## TASK DETAILS:
Repeat every entry word for word; omit all pictures.

## EXCERPTED RECORDS:

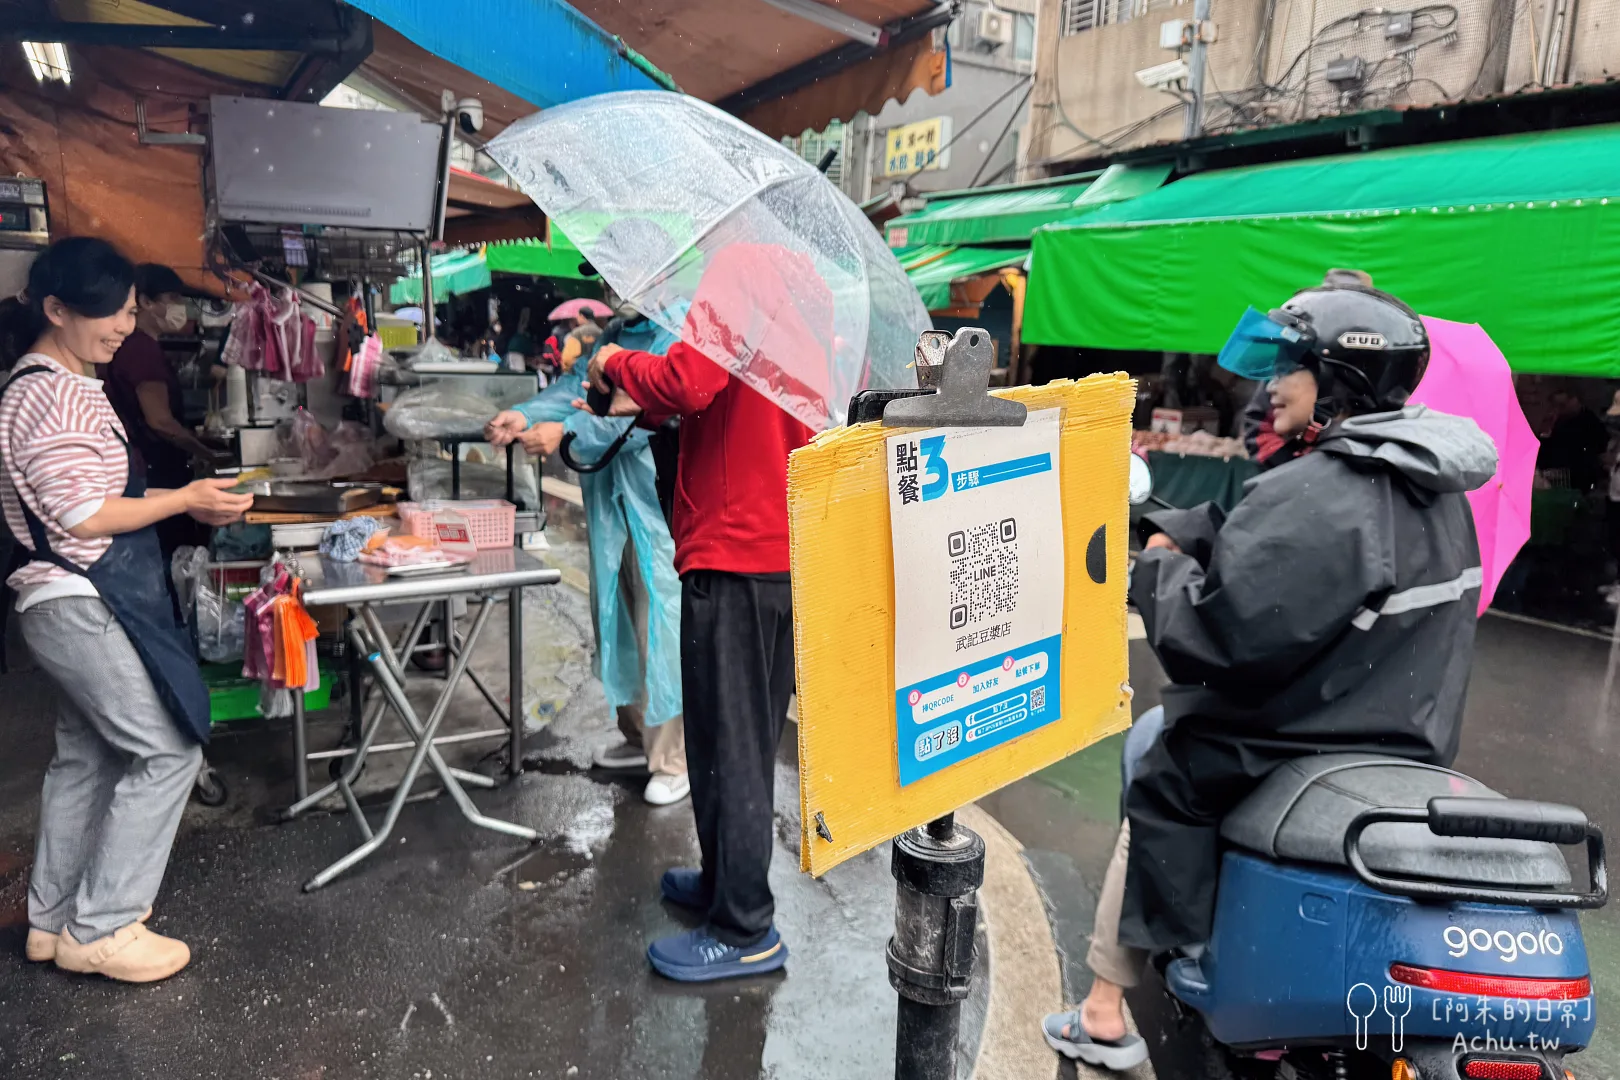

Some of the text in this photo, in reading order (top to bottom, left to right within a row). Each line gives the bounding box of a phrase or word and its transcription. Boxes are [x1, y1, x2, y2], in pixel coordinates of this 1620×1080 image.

[896, 434, 980, 505] 點餐 3 步驟
[973, 566, 996, 582] LINE
[955, 622, 1011, 652] 武記豆漿店
[972, 677, 999, 694] 加入好友
[1443, 926, 1563, 962] gogoro
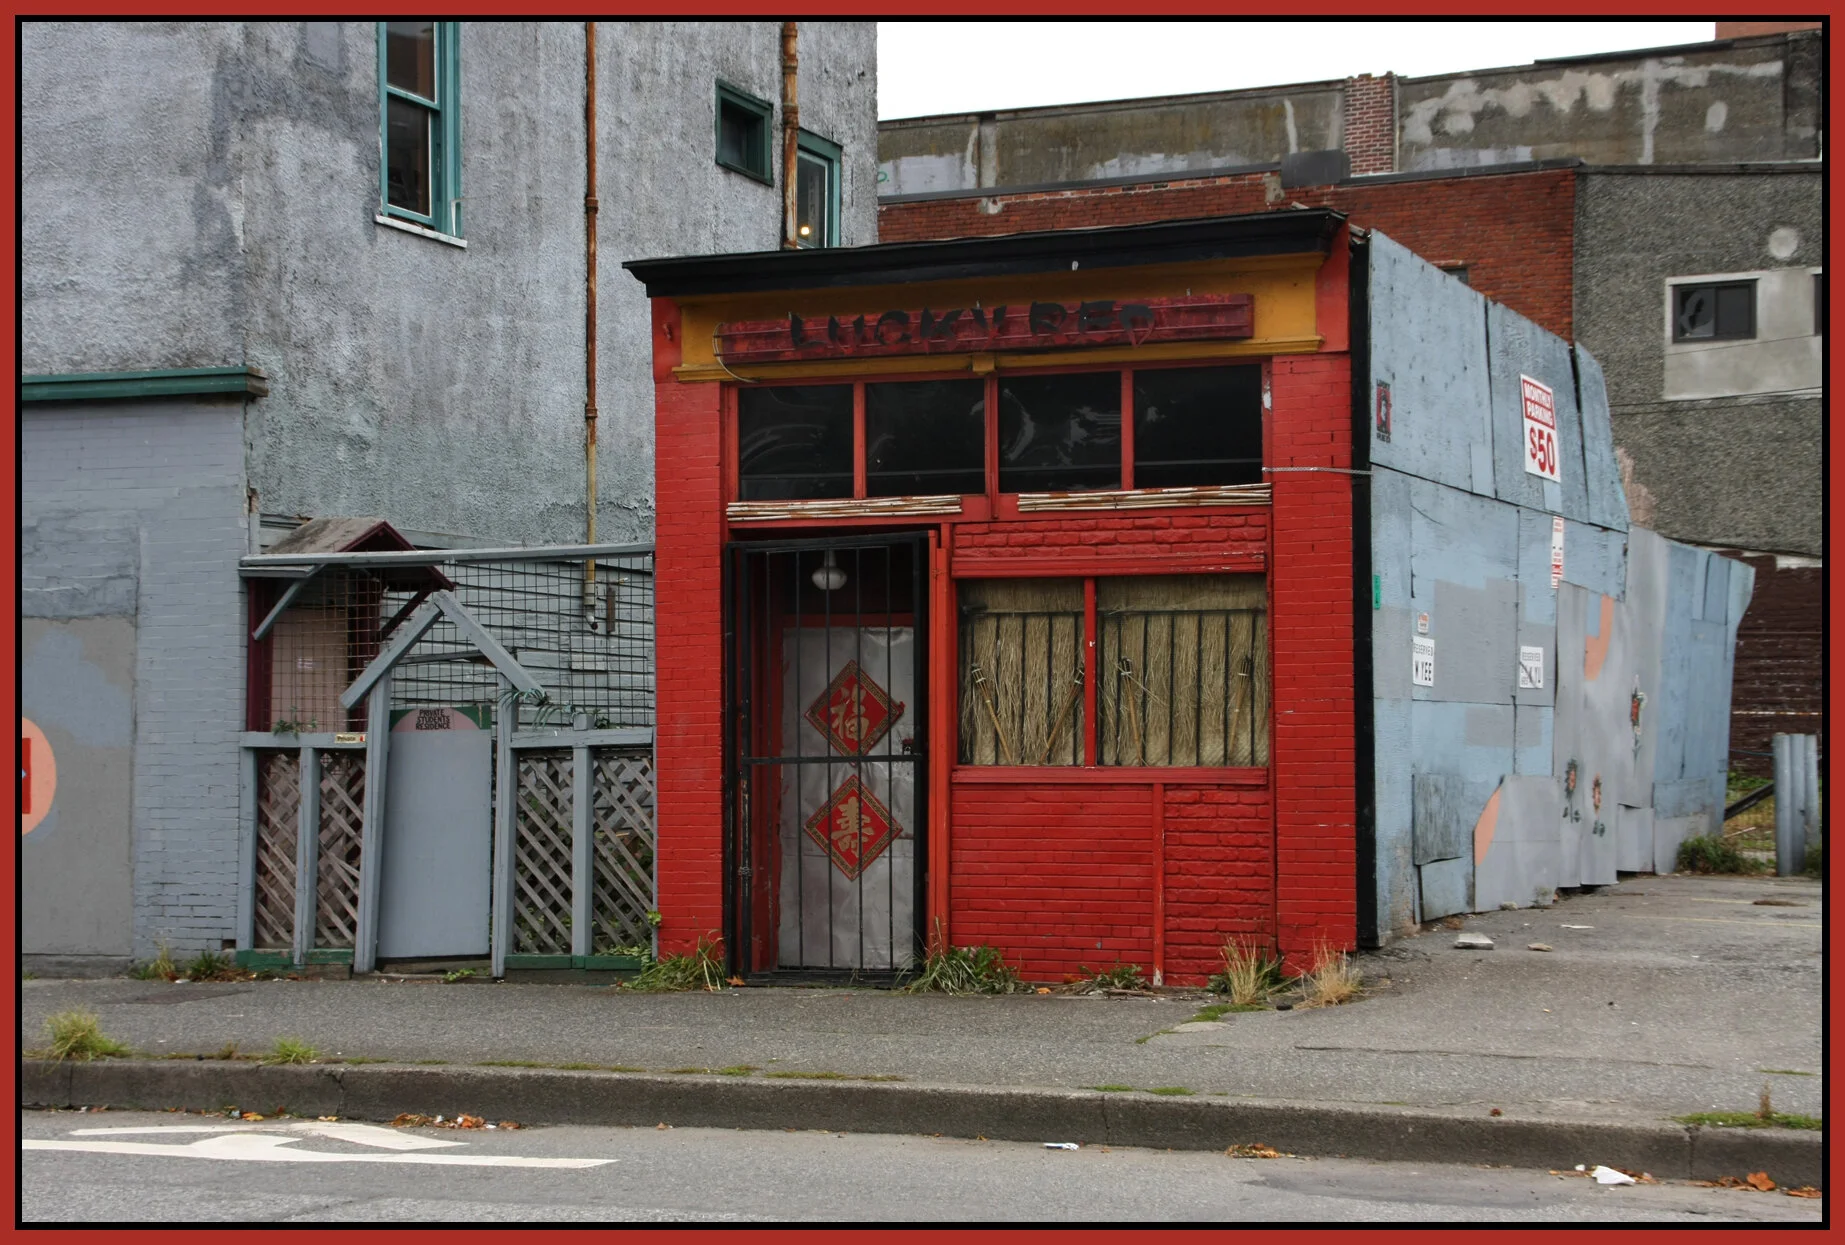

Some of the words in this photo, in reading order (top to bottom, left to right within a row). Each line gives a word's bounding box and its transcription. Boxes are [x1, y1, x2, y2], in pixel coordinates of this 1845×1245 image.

[789, 304, 1007, 354] LUCKY
[1029, 300, 1155, 348] RED
[1524, 382, 1552, 409] MONTHLY
[1526, 401, 1554, 426] PARKING
[1529, 424, 1556, 476] $50
[1413, 643, 1434, 657] RESERVED
[1421, 661, 1432, 682] YEE
[417, 716, 450, 724] STUDENTS
[419, 709, 445, 717] PRIVATE
[830, 683, 870, 741] 福

## RESULT OF THIS EXERCISE:
Some of the text in this photo, in reading order (top to bottom, left to right within a row). Each line gives the bounding box of a phrase or word and its transcription. Boxes are [x1, y1, x2, y2], in pixel coordinates of this 1620×1080 image.

[896, 434, 980, 505] 點餐 3 步驟
[973, 566, 996, 582] LINE
[955, 622, 1011, 652] 武記豆漿店
[972, 677, 999, 694] 加入好友
[1443, 926, 1563, 962] gogoro

Some of the words in this photo, in reading order (top to bottom, left to right within a row). Each line gives a word's bounding box and its transcription. Boxes are [x1, y1, x2, y2], in pixel coordinates of this 1845×1245 image.

[789, 304, 1007, 354] LUCKY
[1029, 300, 1155, 348] RED
[1524, 382, 1552, 409] MONTHLY
[1526, 401, 1554, 426] PARKING
[1529, 424, 1556, 476] $50
[1413, 643, 1434, 657] RESERVED
[1421, 661, 1432, 682] YEE
[417, 716, 450, 724] STUDENTS
[419, 709, 445, 717] PRIVATE
[830, 683, 870, 741] 福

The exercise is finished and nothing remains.